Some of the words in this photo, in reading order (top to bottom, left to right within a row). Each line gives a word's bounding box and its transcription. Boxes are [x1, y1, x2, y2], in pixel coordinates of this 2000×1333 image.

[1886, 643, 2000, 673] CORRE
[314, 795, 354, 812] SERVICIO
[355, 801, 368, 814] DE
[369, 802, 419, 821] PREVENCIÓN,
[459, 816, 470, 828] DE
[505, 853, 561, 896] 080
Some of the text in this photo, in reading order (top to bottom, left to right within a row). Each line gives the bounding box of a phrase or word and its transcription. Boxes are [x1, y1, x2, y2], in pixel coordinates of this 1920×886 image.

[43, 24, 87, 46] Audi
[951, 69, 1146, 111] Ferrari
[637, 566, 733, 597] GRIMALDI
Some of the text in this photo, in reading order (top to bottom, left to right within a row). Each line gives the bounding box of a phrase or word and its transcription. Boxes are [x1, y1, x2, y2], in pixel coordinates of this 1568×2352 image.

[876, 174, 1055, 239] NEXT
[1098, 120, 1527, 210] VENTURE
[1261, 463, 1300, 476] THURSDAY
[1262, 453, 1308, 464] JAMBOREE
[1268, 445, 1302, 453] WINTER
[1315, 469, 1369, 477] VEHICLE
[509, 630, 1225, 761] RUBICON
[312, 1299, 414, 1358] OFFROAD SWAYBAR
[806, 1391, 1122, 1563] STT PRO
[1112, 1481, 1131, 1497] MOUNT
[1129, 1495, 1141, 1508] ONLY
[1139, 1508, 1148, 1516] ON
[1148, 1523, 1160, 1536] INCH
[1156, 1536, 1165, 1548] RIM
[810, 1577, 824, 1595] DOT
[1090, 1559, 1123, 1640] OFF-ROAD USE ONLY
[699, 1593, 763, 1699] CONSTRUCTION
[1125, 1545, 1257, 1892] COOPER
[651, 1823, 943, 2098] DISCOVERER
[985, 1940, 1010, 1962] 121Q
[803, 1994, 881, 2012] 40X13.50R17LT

* * * * *

■ **Work instructions**:
Could the entire listing be repeated exactly as written?

■ **Answer box**:
Some of the words in this photo, in reading order (top to bottom, left to right within a row). Each line gives a word's bounding box and its transcription. Boxes are [x1, y1, x2, y2], in pixel coordinates of this 2000×1333 image.

[1886, 643, 2000, 673] CORRE
[314, 795, 354, 812] SERVICIO
[355, 801, 368, 814] DE
[369, 802, 419, 821] PREVENCIÓN,
[459, 816, 470, 828] DE
[505, 853, 561, 896] 080
Some of the text in this photo, in reading order (top to bottom, left to right within a row). Each line gives the bounding box of a phrase or word and its transcription. Boxes are [x1, y1, x2, y2], in pixel coordinates of this 1920×886 image.

[43, 24, 87, 46] Audi
[951, 69, 1146, 111] Ferrari
[637, 566, 733, 597] GRIMALDI
Some of the text in this photo, in reading order (top to bottom, left to right within a row). Each line gives the bounding box of a phrase or word and its transcription. Boxes are [x1, y1, x2, y2], in pixel coordinates of this 1568×2352 image.

[876, 174, 1055, 239] NEXT
[1098, 120, 1527, 210] VENTURE
[1261, 463, 1300, 476] THURSDAY
[1262, 453, 1308, 464] JAMBOREE
[1268, 445, 1302, 453] WINTER
[1315, 469, 1369, 477] VEHICLE
[509, 630, 1225, 761] RUBICON
[312, 1299, 414, 1358] OFFROAD SWAYBAR
[806, 1391, 1122, 1563] STT PRO
[1112, 1481, 1131, 1497] MOUNT
[1129, 1495, 1141, 1508] ONLY
[1139, 1508, 1148, 1516] ON
[1148, 1523, 1160, 1536] INCH
[1156, 1536, 1165, 1548] RIM
[810, 1577, 824, 1595] DOT
[1090, 1559, 1123, 1640] OFF-ROAD USE ONLY
[699, 1593, 763, 1699] CONSTRUCTION
[1125, 1545, 1257, 1892] COOPER
[651, 1823, 943, 2098] DISCOVERER
[985, 1940, 1010, 1962] 121Q
[803, 1994, 881, 2012] 40X13.50R17LT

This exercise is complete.